Sunday, March 20, 2011

on a lighter note

gas prices hiked up again this week. noooo!

well aside from walking to work and back, i guess the best we could is find something to laugh about. :)





- Posted using BlogPress from my iPhone

Saturday, March 19, 2011

finally!

yey! after months of wanting this, was finally able to download a photobooth app! wooohooo! so loving it right now.. :D






- Posted using BlogPress from my iPhone

Friday, March 18, 2011

we got Royce!

yey! thank you Eagle Cement for the Royce! love them to bits! :D








- Posted using BlogPress from my iPhone

Monday, March 14, 2011

husbandless

the husband is off to iloilo in a few hours and i am husbandless for the rest of the week. we've been apart for barely an hour, yet i miss him already.


funny cause it's not like this is the first time we wont be together. we spent around 3 years of our boyfriend-girlfriend days apart. heck even in the first year of our marriage, we were not in the same country.
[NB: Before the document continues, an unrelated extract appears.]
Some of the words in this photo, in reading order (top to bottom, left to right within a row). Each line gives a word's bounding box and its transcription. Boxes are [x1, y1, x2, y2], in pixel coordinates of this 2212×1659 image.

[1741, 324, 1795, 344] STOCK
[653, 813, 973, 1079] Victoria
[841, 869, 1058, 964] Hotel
and it's not like i'm not used to being alone. being an only child and a self proclaimed anti-social, i've actually grown to love alone time, and yet here i am barely an hour apart from my husband and i miss him terribly already. :(


come back soon honey..
i love you, always..




- Posted using BlogPress from my iPhone

Saturday, March 12, 2011

yet another Big Red visit

another day of disappointment. yep, got the Big Red again today. sigh. my resolve to be positive and strong all flew out the window. i wanted to cry my heart out and ask why over and over and over again. i wanted to scream, lock myself in my room and never go out.

ugh. i feel so useless, so inadequate. i want to forget, but i cant. i want to break free from the pressure, but for some stupid reason i keep getting trapped in my own stressful and worry-filled world.

why cant i be positive or at the very least, be happy with what i have right now? i have a job that pays well. i can buy my basic necessities and at the same time i have the ability to indulge once in a while. i have parents who love me for me and who i actually enjoy spending time with.

best of all, i have a husband who can make me laugh at any given time and actually tolerates my mood swings (okay, he does flip out sometimes, but more often than not, he just accepts it.) a husband who hugged me then said: "we still have time, dont worry." sigh. i have practically everything i want in life, all except for THAT.

see, now i feel even worse. i have all these in my life, yet i am complaining? a huge part of me is screaming: "just be grateful, stupid!" but a tiny part is whispering: "but i really, really want one already."